Research Article: 2021 Vol: 27 Issue: 3
Lasmy, Management, Bina Nusantara University
Tirta Nugraha Mursitama, Bina Nusantara University
Asnan Furinto, Management, Bina Nusantara University
Setyo Hari Wijanto, Indonesia University
Various controversies related to the treatment, stereotypes and achievements of women and men entrepreneurs. Some believed that the achievement of male entrepreneurs was better than that of women entrepreneurs and vice versa, there were also those who believed that there was no gender link with the achievement of an entrepreneur's business performance. This study aims to analyze the magnitude of the business performance of male entrepreneurs compared to women entrepreneurs in the food and beverage sector in Indonesia. Collecting data by distributing questionnaires to 459 entrepreneurs. Data analysis using multi-sample SEM method. The conclusion from the data analysis is that there is no significant difference in the performance achievement of women entrepreneurs and male entrepreneurs.
Gender, Entrepreneur, Business Performance.

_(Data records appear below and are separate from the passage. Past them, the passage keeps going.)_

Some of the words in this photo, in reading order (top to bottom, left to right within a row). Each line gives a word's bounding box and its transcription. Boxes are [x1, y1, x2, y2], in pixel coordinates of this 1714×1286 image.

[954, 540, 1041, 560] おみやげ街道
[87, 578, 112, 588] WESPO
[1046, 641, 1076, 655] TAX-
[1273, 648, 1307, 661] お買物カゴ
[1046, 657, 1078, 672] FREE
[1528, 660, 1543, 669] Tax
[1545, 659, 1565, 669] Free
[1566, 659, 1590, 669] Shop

The Global Entrepreneurship Monitor notes that there are 7 women entrepreneurs in every 10 male entrepreneurs in 6 countries, namely Indonesia, Thailand, Panama, Qatar, Madagascar and Angola. This means that the levels of the total early-stage entrepreneurship between men and women are the same. The International Finance Corporation estimates that 43% of small and medium enterprises (SMEs) in Indonesia are owned by women and 57% are owned by men (Rubin Japhta et al., 2016). The Creative Economy Agency (2017) notes that entrepreneurs in Indonesia are dominated by women, namely 54.96% and 45.04% by men. The conclusion from these data is that the number of women and men entrepreneurs does not differ significantly.

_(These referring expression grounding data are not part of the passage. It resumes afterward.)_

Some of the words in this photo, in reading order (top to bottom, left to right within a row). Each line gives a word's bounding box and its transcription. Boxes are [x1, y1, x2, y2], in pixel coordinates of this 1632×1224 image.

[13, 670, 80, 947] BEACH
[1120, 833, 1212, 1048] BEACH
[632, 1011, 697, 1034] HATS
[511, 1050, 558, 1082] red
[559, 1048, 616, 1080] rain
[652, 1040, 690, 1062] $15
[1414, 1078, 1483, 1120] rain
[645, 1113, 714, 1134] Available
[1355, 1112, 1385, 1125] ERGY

Jokowi (2018) during his meeting with the Indonesian Young Entrepreneurs Association, said that the number of Indonesian entrepreneurs is still minimal, namely 3.1%, where the standard in developed countries is more than 14%. This statement indicates the urgency of the need to increase the number of Indonesian entrepreneurs. Research related to entrepreneurship and its performance has long been a concern for academics and practitioners, distinguished from various points of view, business scale, internal and external factors, personality, socio-cultural and others. Marlow said that it is important to develop a scientific research analysis on the relationship between gender and entrepreneurship (Marlow, 2014); because the comparative study of the performance of men and women entrepreneurs cannot be concluded in general but it depends on the sample studied, control variables and the size of the business (Jennings & Brush, 2018); and different approaches are needed for women entrepreneurs and men entrepreneurs (Rubin Japhta et al., 2016; Shaw et al., 2009). Research related to the performance of women and men entrepreneurs is mostly conducted by researchers outside Indonesia. Previous research has suggested that women entrepreneurs do not perform as well as men entrepreneurs in terms of income, profitability, sales and employment (Alsos et al., 2006; Fairlie & Robb, 2009; Orser & Riding, 2006). Whereas the results of this study contradict data collected by BCG and MassChallenge (2018) finding that women entrepreneurs ultimately provide higher income and better performance than those established by men even though men get a greater investment of funds than women.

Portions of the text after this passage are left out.